• _Try it_:
Beginning with the line containing "this 2212×1659 image." and ending with the last line of the entries below, copy each line exactly and nothing else.
++++ Extracted information ++++
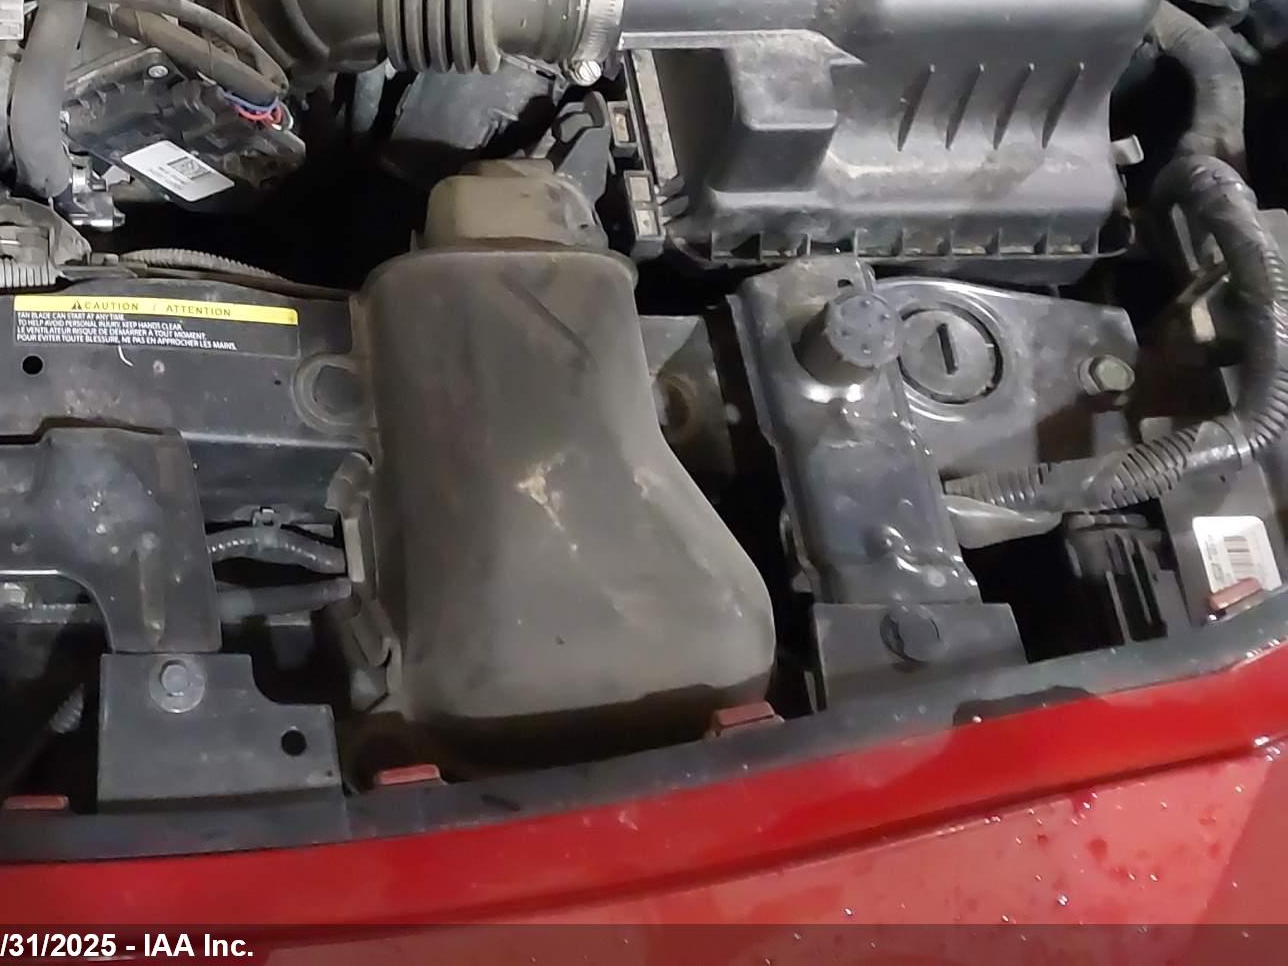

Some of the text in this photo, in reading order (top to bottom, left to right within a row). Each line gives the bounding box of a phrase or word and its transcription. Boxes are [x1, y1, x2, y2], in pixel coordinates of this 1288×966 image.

[84, 301, 139, 311] CAUTION
[166, 304, 231, 316] ATTENTION
[52, 312, 66, 320] CAN
[67, 312, 85, 320] START
[65, 320, 98, 328] PERSONAL
[138, 322, 160, 330] HANDS
[26, 327, 71, 335] VENTILATEUR
[154, 330, 172, 338] TOUT
[17, 334, 37, 342] POUR
[62, 334, 84, 342] TOUTE
[158, 338, 198, 347] APPROCHER
[200, 340, 211, 348] LES
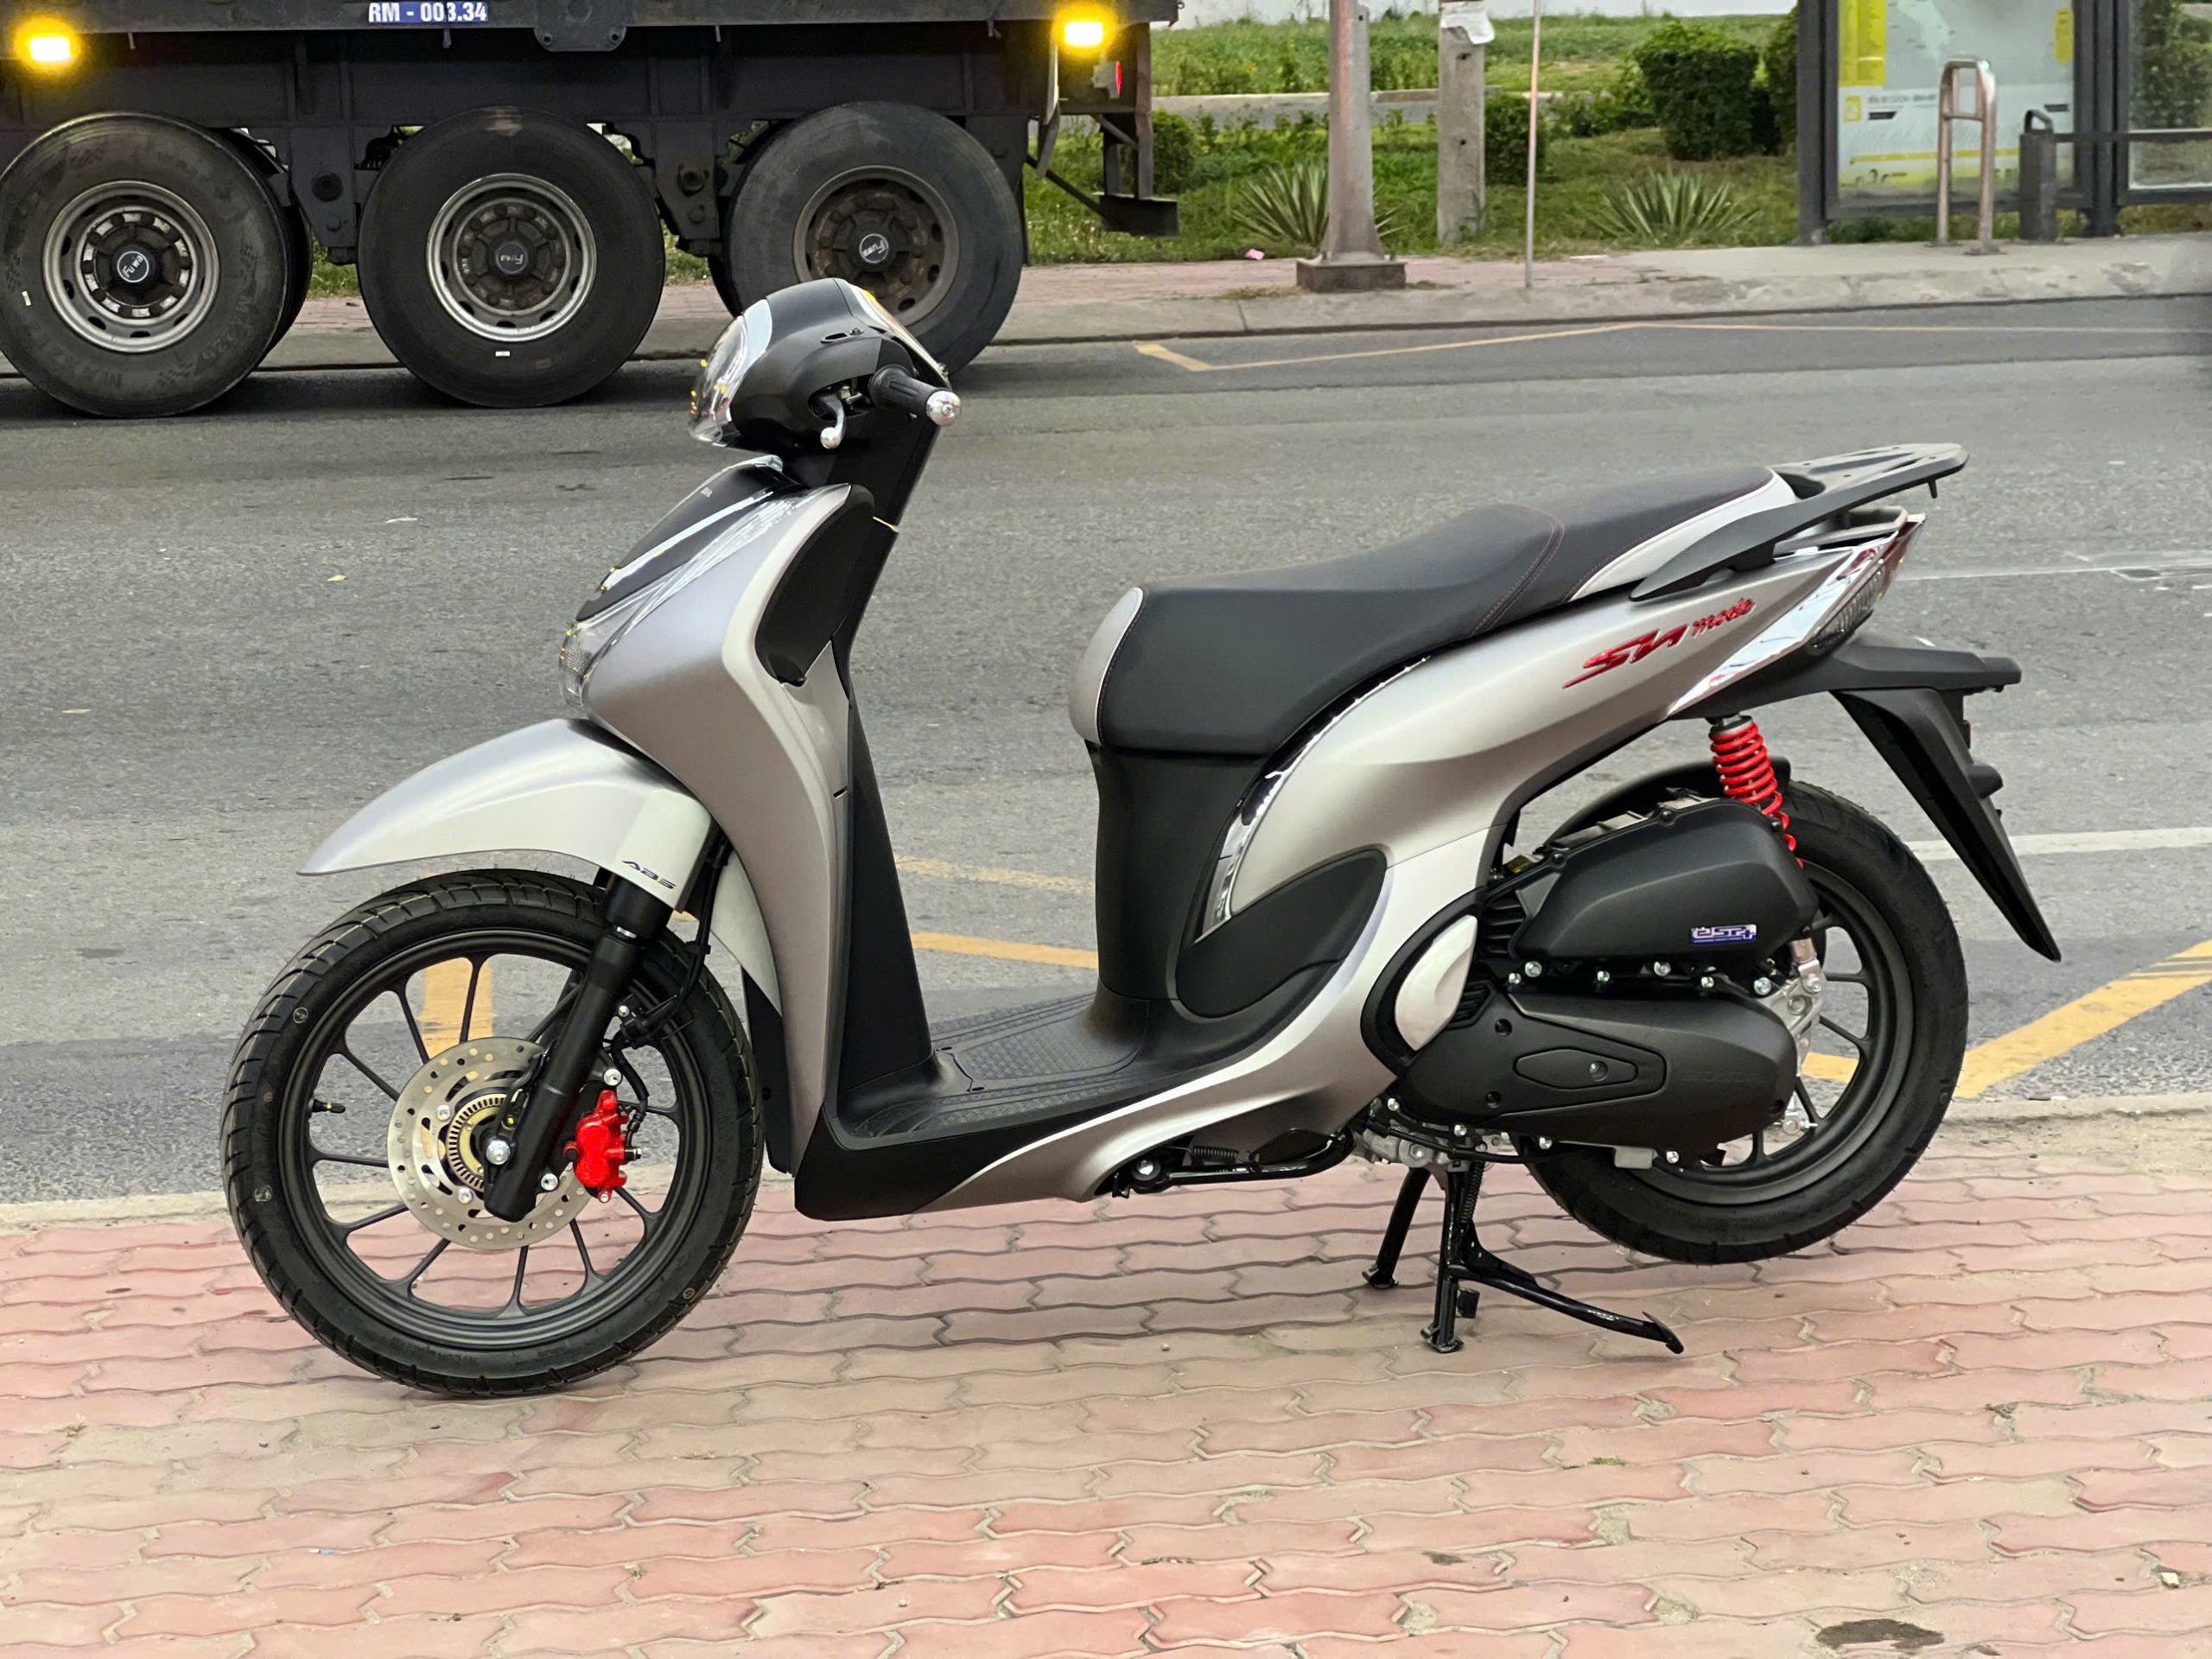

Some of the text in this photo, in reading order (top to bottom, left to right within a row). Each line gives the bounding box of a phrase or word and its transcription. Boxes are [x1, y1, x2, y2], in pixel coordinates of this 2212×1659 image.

[368, 3, 400, 22] RM
[420, 3, 487, 22] 003.34
[621, 860, 677, 890] ABS
++++
• _Answer to this task_:
Some of the text in this photo, in reading order (top to bottom, left to right within a row). Each line gives the bounding box of a phrase or word and its transcription. Boxes are [x1, y1, x2, y2], in pixel coordinates of this 2212×1659 image.

[368, 3, 400, 22] RM
[420, 3, 487, 22] 003.34
[621, 860, 677, 890] ABS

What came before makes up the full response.